Section III. Conditions Applicable to Section I(c)(1) and I(c)(2)
(a) The Committee and the Ford VEBA Plan's third party
administrator will review the benefits paid during the transition
period and determine the dollar amount of mispayments made, subject to
the review of the Ford VEBA Plan's independent auditor. The results of
this review will be made available to Ford.
(b) Ford and the applicable third party administrator of the Ford
Active Health Plan will review the benefits paid during the transition
period and determine the dollar amount of mispayments made, subject to
the review of the plan's independent auditor. The results of this
review will be made available to the Committee.

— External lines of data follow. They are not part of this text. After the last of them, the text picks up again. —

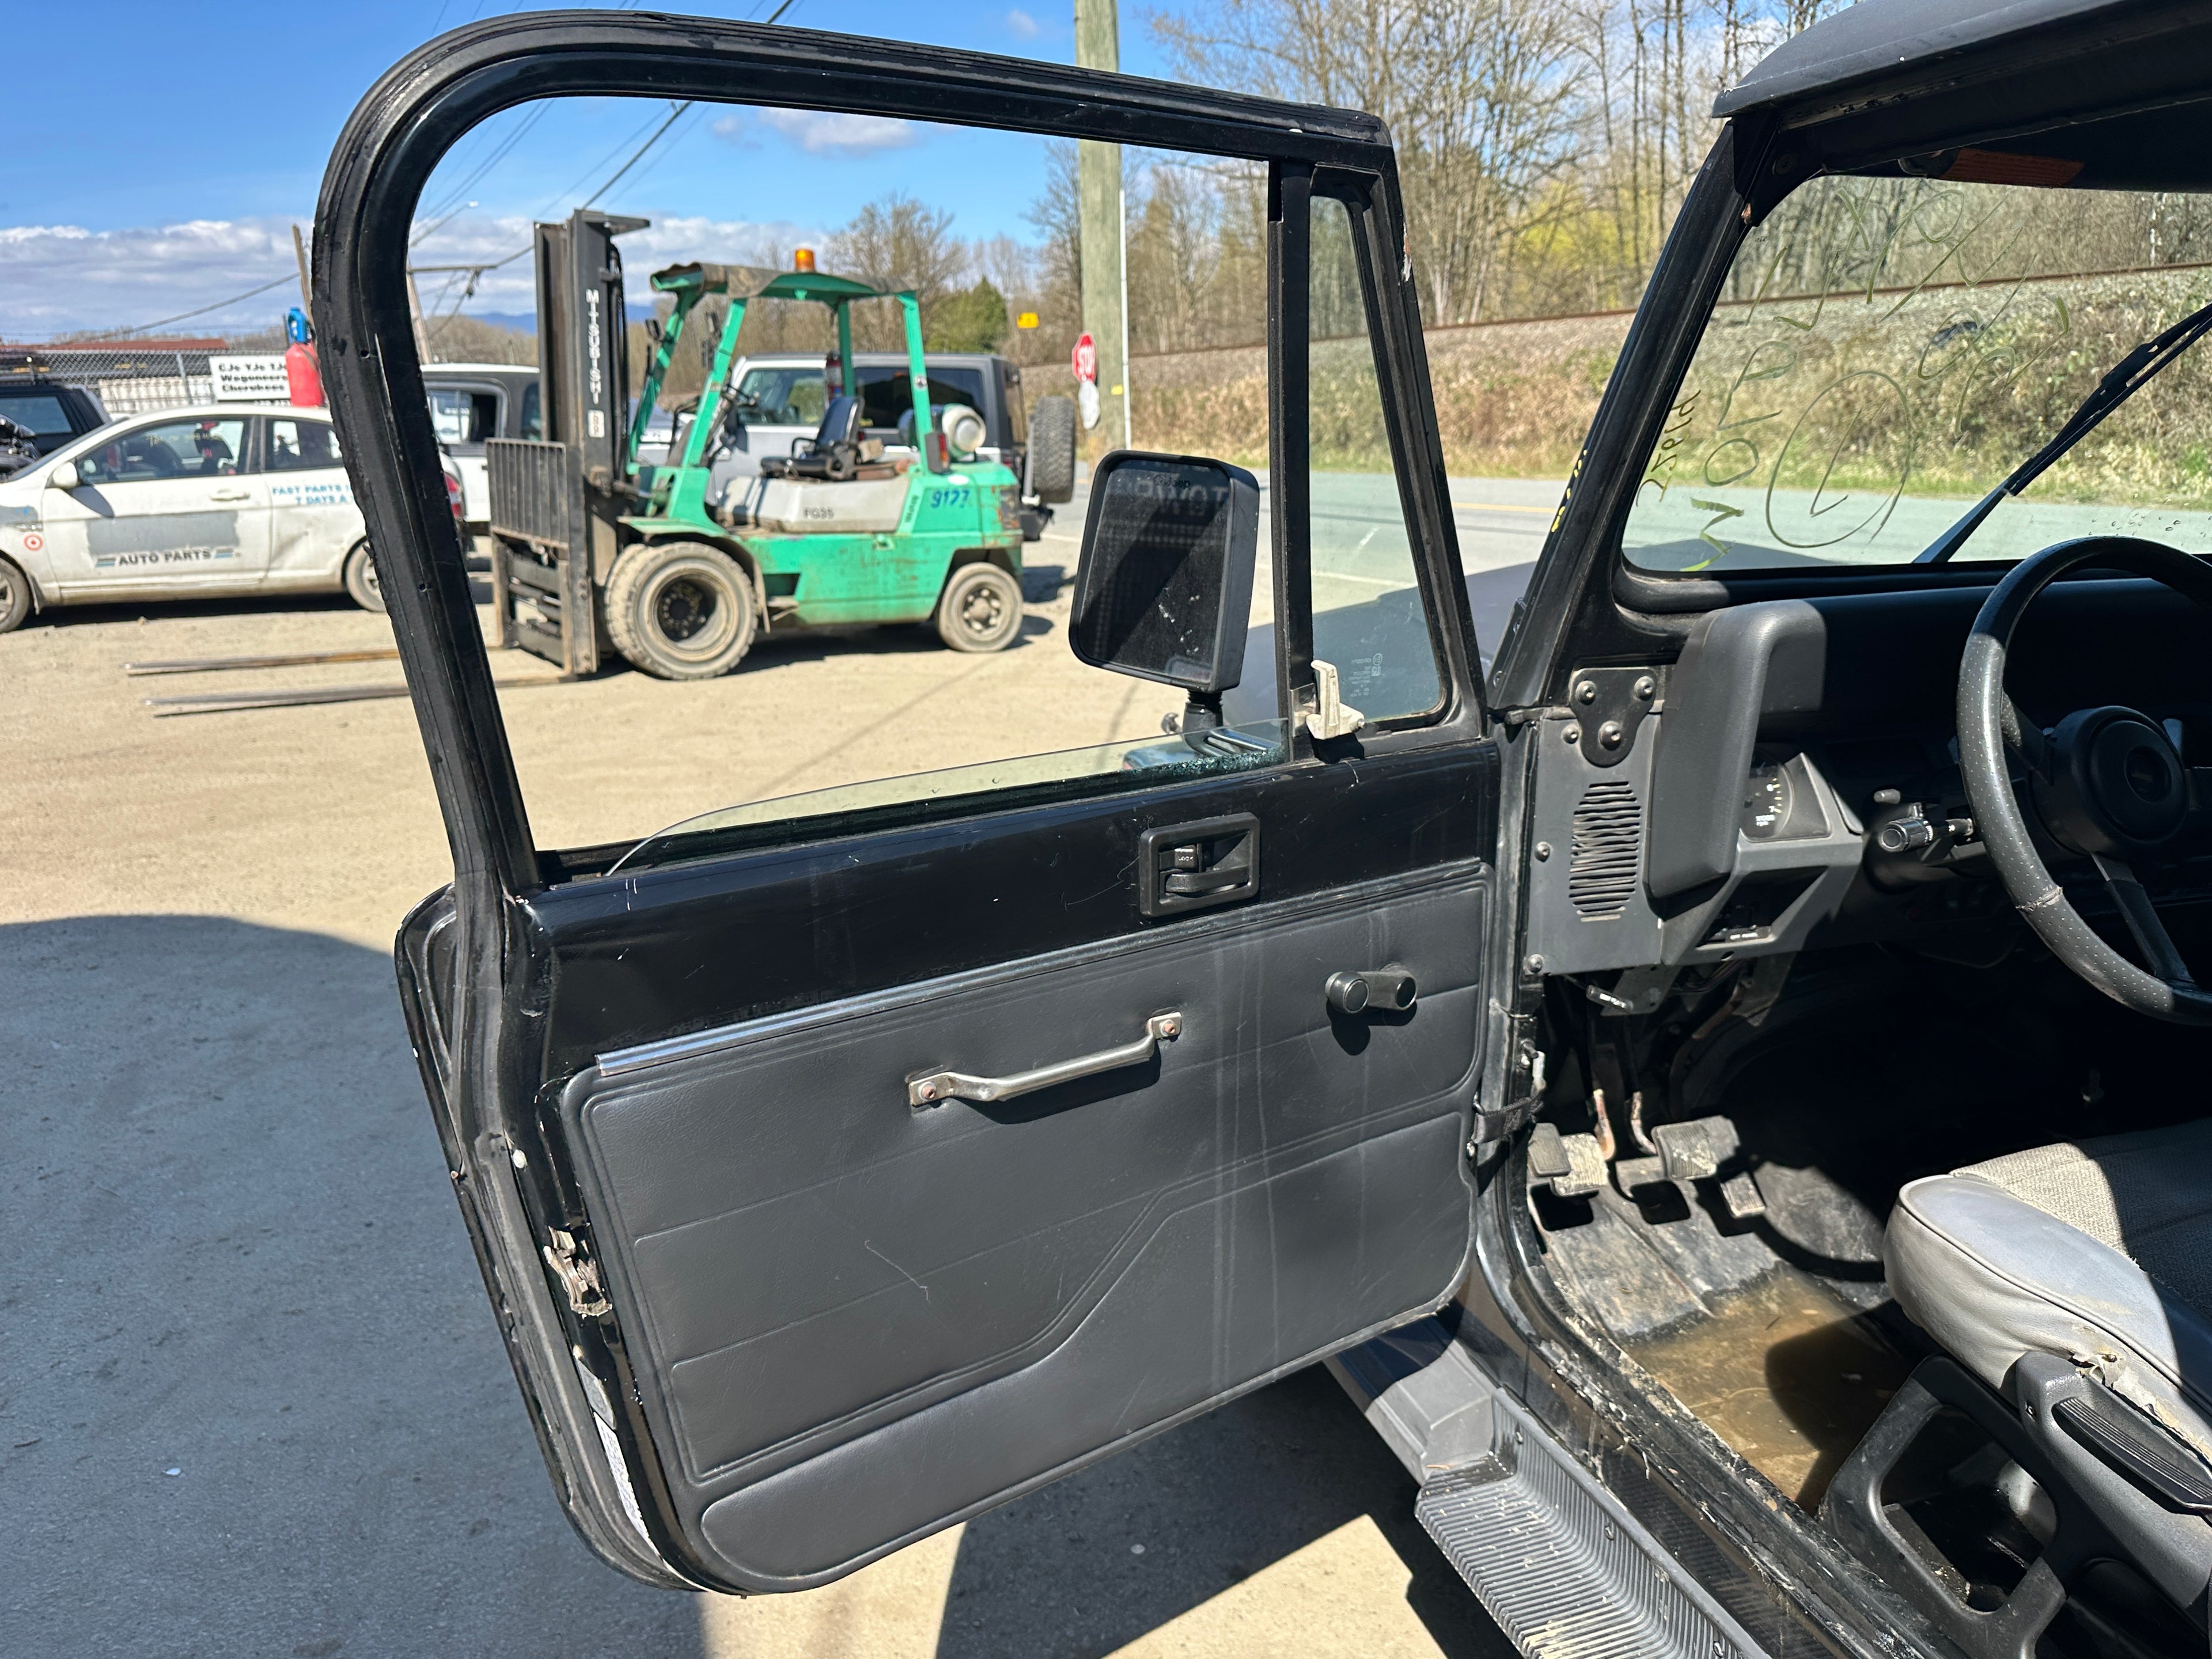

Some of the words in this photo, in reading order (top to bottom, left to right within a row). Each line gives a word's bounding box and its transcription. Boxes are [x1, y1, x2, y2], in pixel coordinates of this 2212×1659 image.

[586, 289, 601, 404] MITSUBISHI
[222, 383, 285, 392] Cherokees
[272, 485, 300, 495] FAST
[305, 483, 342, 493] PARTS
[306, 495, 335, 505] DAYS
[119, 553, 160, 566] AUTO
[164, 549, 211, 562] PARTS

(c) Interest on any reimbursed mispayment will accrue from the date
of the mispayment to the date of the reimbursement.
(d) Interest will be determined using the applicable 6 month
published LIBOR rate.
(e) If there is a dispute as to the amount, timing or other feature
of a reimbursement payment, the parties will enter into the Dispute
Resolution Procedure found in Section 26B of the 2009 Settlement
Agreement and described further in Section VII(c) herein.
Section IV. Conditions Applicable to Section I(c)(3) and I(c)(4)

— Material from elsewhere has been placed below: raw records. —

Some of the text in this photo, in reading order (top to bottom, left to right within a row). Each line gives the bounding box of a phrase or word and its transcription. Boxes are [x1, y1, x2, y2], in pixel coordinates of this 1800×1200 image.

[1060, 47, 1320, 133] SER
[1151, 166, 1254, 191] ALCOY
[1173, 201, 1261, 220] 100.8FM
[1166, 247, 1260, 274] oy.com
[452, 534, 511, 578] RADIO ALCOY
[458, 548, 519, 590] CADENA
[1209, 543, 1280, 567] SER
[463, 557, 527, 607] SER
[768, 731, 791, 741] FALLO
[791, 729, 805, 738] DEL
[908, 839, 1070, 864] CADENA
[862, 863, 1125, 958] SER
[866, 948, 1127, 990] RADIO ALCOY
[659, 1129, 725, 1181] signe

(a) Ford and the Committee will cooperate in the calculation and
review of the amounts of expense accruals related to the TAA, and the
amount of any overaccrual shall be made subject to the review of an
independent auditor selected by Ford and the amount of any underaccrual
shall be made subject to the review of the Ford VEBA Plan's independent
auditor.
(b) Ford must make a claim for any underaccrual to the Committee,
and the Committee must make a claim for any overaccrual to Ford, as
applicable, within the Verification Time Period, as defined in Section
VII(cc).
(c) Interest on any true-up payment will accrue from the date of
transfer of the assets in the TAA (or the LLC containing the TAA) for
the amount in respect of the overaccrual or underaccrual, as
applicable, until the date of payment of such true-up amount.

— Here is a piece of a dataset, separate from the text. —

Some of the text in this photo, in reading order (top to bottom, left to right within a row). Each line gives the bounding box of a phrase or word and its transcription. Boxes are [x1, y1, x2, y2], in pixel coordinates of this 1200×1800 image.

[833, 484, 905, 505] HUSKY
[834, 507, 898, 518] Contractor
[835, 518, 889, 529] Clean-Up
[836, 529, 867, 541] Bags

(d) Interest will be determined using the published six month LIBOR
rate.
(e) If there is a dispute as to the amount, timing or other feature
of a true-up payment in respect of TAA expenses, the parties will enter
into the Dispute Resolution Procedure found in Section 26B of the 2009
Settlement Agreement and described further in Section VII(c) herein.
Section V. Conditions Applicable to Section I(d)
(a) Ford must make a claim to the Committee regarding the specific
deposit or transfer made in error or made in an amount greater than
that to which the Ford VEBA Plan was entitled.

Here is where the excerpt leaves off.